◆ **What the exercise asks**
Starting at the line containing "this 1920×1280 image." and ending at the line containing "this 1440×1280 image.", transcribe the listing below exactly. Keep both end lines, skip the pictures, and copy nothing else.

◆ **Recorded information**

BEGIN

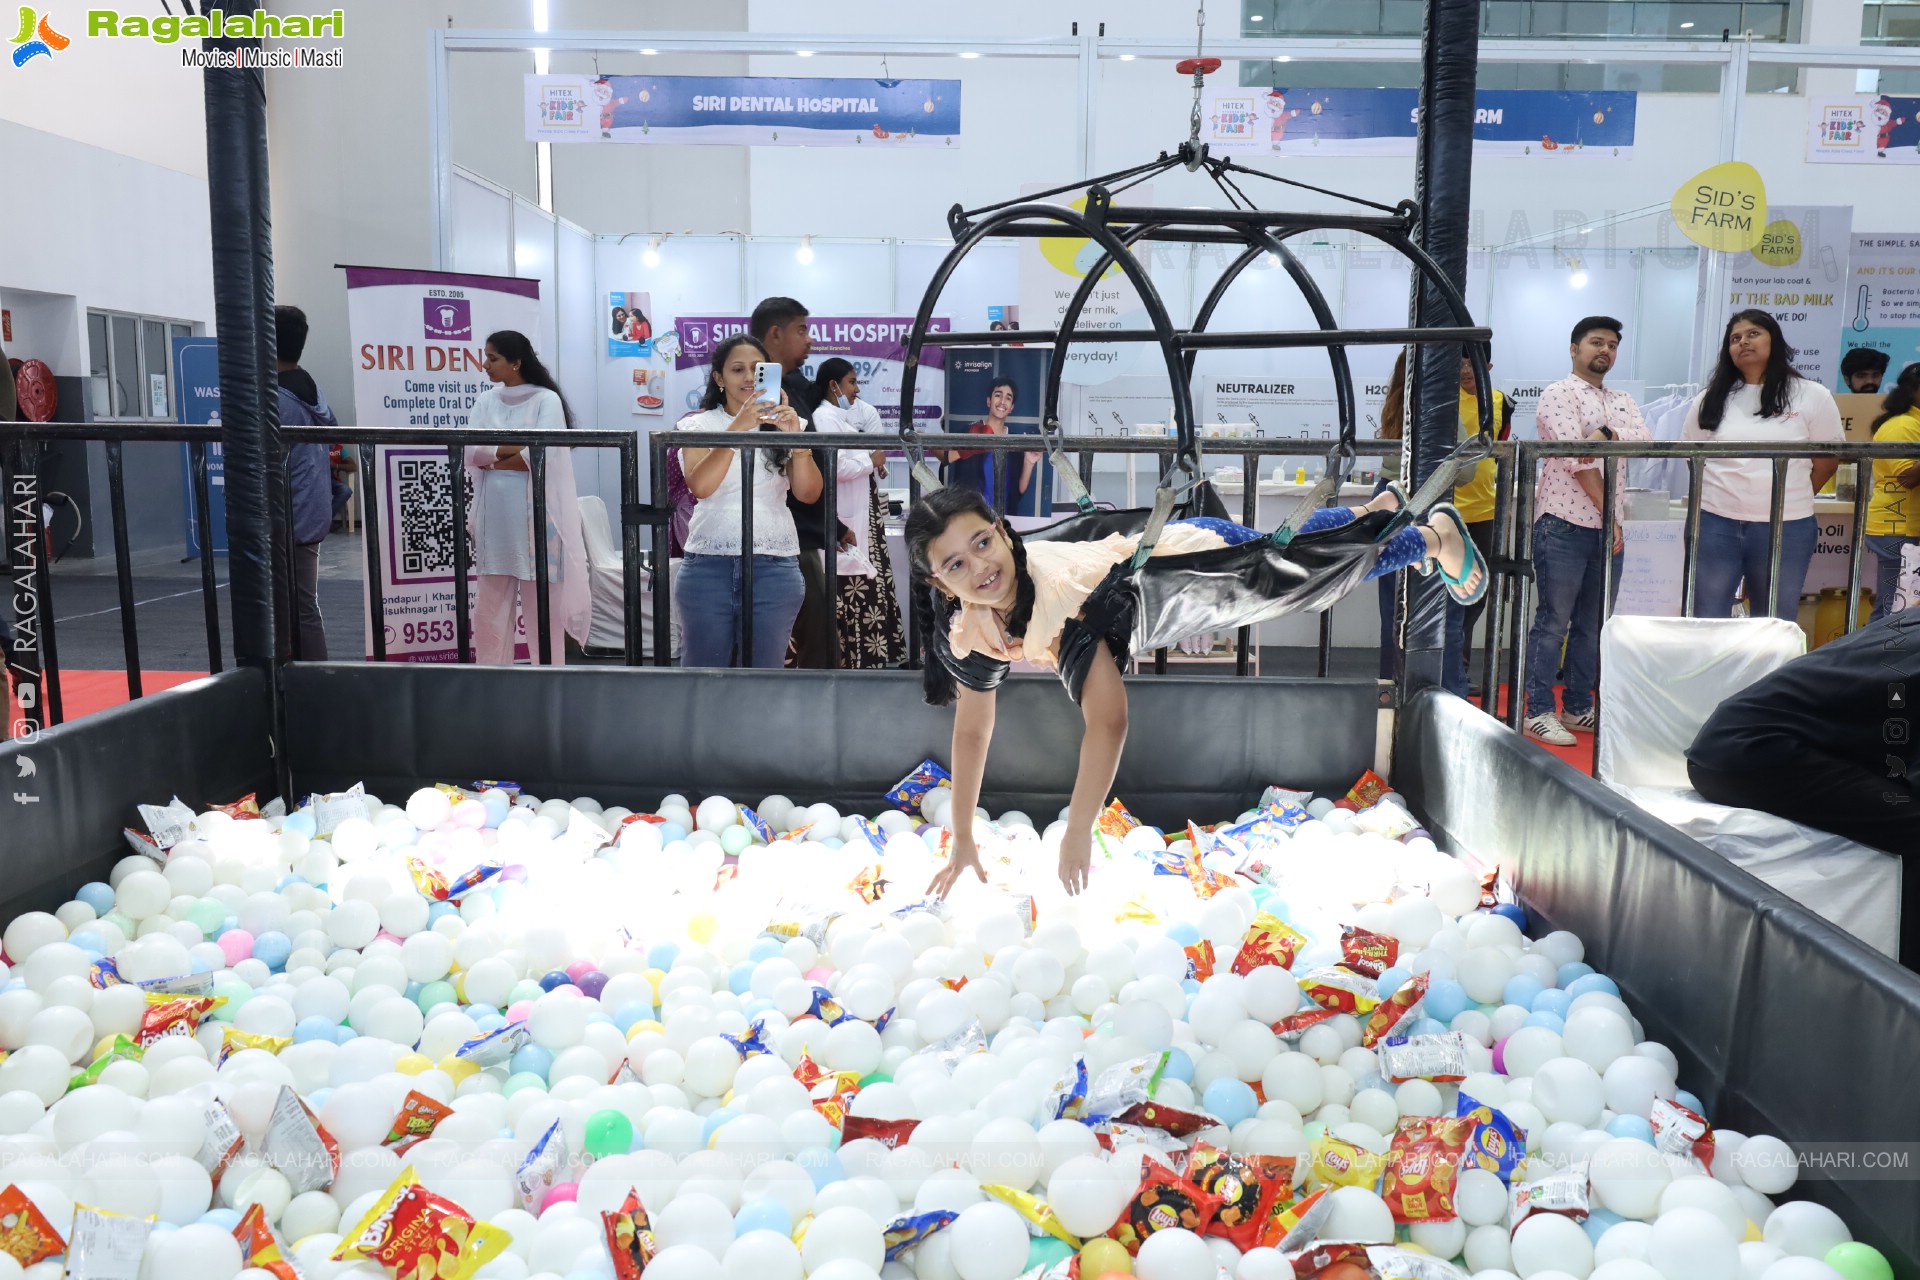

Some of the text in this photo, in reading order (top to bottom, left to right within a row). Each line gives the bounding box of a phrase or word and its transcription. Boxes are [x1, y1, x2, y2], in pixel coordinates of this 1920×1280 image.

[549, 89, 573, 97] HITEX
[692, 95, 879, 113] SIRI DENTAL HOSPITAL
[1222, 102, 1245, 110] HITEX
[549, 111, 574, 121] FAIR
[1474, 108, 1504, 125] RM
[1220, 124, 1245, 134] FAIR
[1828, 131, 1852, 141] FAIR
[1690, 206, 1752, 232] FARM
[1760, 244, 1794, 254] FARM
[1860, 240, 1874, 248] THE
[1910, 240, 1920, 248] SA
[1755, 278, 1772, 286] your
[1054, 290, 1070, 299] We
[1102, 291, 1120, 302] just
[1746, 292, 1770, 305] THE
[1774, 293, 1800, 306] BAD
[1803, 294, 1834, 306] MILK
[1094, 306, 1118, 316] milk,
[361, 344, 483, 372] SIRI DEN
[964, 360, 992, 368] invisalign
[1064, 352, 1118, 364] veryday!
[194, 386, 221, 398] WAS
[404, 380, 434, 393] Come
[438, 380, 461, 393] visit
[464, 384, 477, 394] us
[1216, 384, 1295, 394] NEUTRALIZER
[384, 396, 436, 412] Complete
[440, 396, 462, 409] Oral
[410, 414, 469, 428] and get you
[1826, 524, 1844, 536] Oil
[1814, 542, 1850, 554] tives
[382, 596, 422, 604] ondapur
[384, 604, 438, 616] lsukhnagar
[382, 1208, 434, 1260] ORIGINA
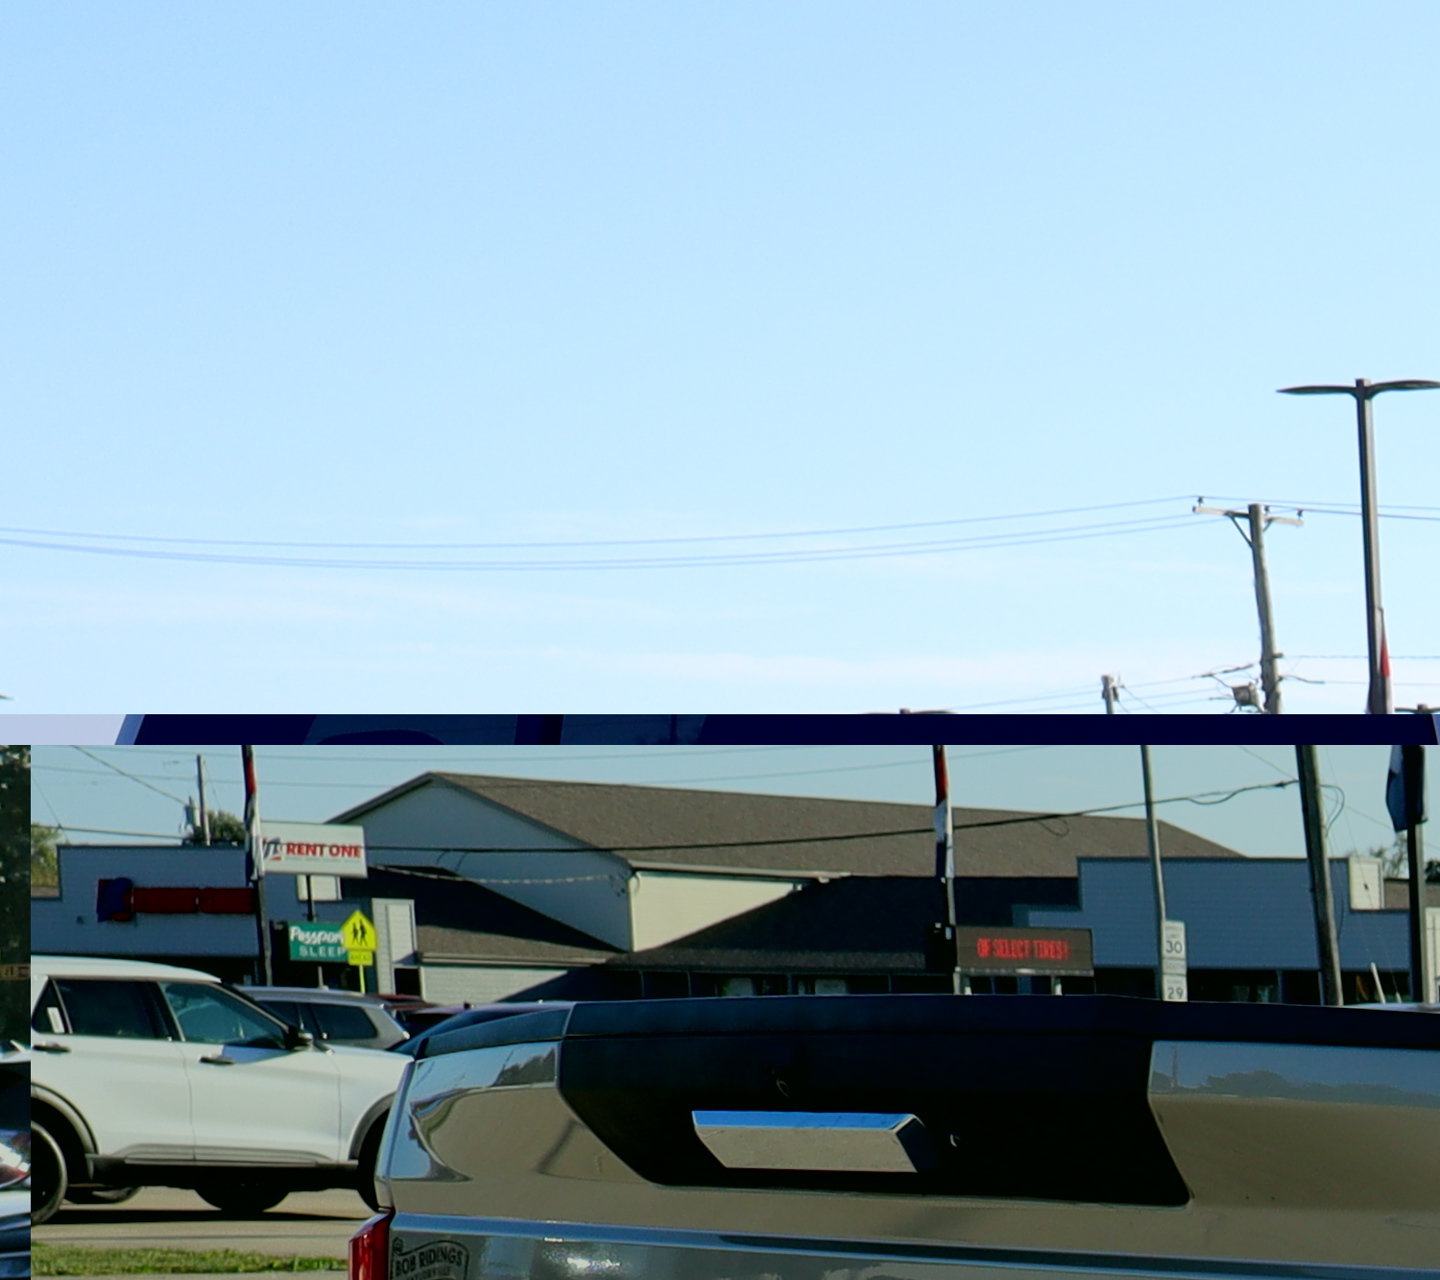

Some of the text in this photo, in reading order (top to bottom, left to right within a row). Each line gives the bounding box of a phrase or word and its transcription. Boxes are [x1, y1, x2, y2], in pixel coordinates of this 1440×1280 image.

END
BEGIN

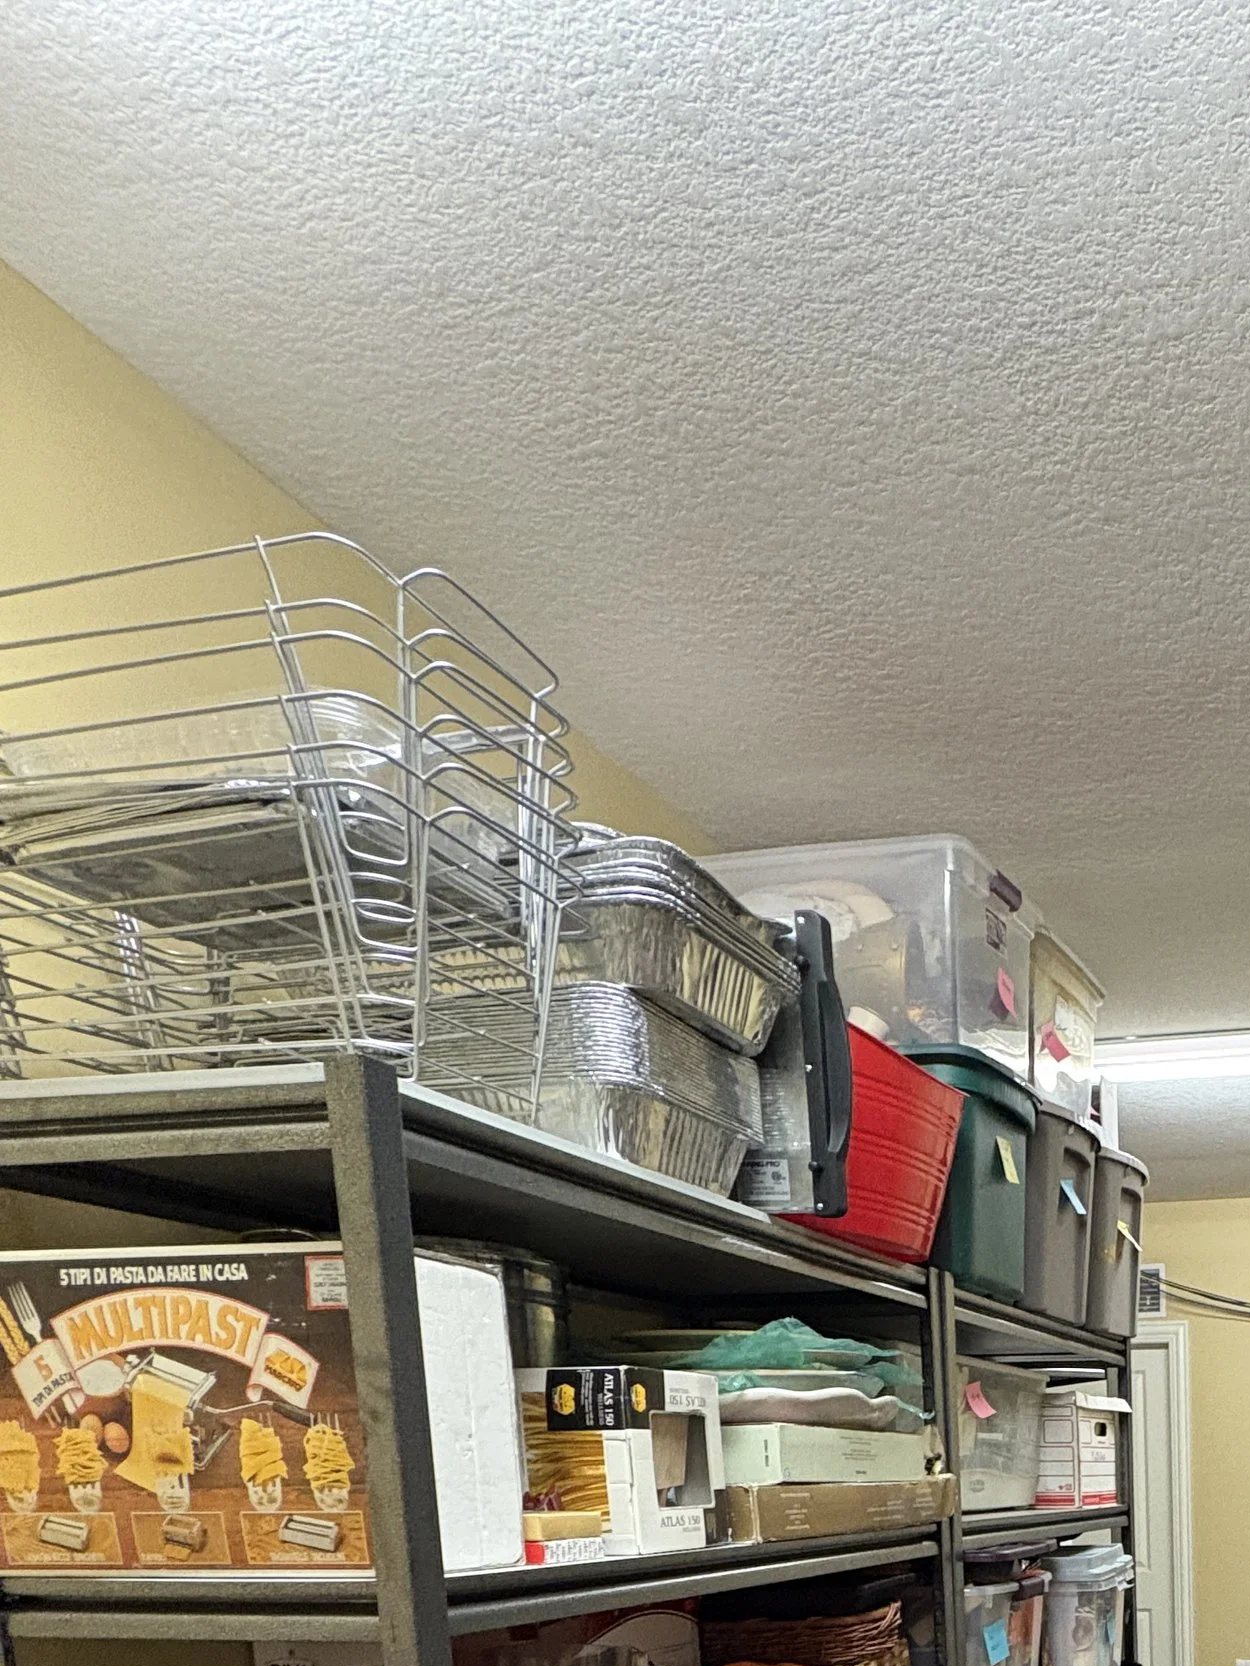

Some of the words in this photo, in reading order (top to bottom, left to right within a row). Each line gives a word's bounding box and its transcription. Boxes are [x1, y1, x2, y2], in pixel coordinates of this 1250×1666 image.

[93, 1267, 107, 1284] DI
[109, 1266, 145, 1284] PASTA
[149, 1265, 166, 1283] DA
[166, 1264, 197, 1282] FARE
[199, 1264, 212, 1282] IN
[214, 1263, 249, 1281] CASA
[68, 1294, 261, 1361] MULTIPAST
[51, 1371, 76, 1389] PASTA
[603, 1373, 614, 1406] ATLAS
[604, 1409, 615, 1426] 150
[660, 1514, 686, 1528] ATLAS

END

◆ **Task result**
Some of the text in this photo, in reading order (top to bottom, left to right within a row). Each line gives the bounding box of a phrase or word and its transcription. Boxes are [x1, y1, x2, y2], in pixel coordinates of this 1920×1280 image.

[549, 89, 573, 97] HITEX
[692, 95, 879, 113] SIRI DENTAL HOSPITAL
[1222, 102, 1245, 110] HITEX
[549, 111, 574, 121] FAIR
[1474, 108, 1504, 125] RM
[1220, 124, 1245, 134] FAIR
[1828, 131, 1852, 141] FAIR
[1690, 206, 1752, 232] FARM
[1760, 244, 1794, 254] FARM
[1860, 240, 1874, 248] THE
[1910, 240, 1920, 248] SA
[1755, 278, 1772, 286] your
[1054, 290, 1070, 299] We
[1102, 291, 1120, 302] just
[1746, 292, 1770, 305] THE
[1774, 293, 1800, 306] BAD
[1803, 294, 1834, 306] MILK
[1094, 306, 1118, 316] milk,
[361, 344, 483, 372] SIRI DEN
[964, 360, 992, 368] invisalign
[1064, 352, 1118, 364] veryday!
[194, 386, 221, 398] WAS
[404, 380, 434, 393] Come
[438, 380, 461, 393] visit
[464, 384, 477, 394] us
[1216, 384, 1295, 394] NEUTRALIZER
[384, 396, 436, 412] Complete
[440, 396, 462, 409] Oral
[410, 414, 469, 428] and get you
[1826, 524, 1844, 536] Oil
[1814, 542, 1850, 554] tives
[382, 596, 422, 604] ondapur
[384, 604, 438, 616] lsukhnagar
[382, 1208, 434, 1260] ORIGINA

Some of the text in this photo, in reading order (top to bottom, left to right within a row). Each line gives the bounding box of a phrase or word and its transcription. Boxes are [x1, y1, x2, y2], in pixel coordinates of this 1440×1280 image.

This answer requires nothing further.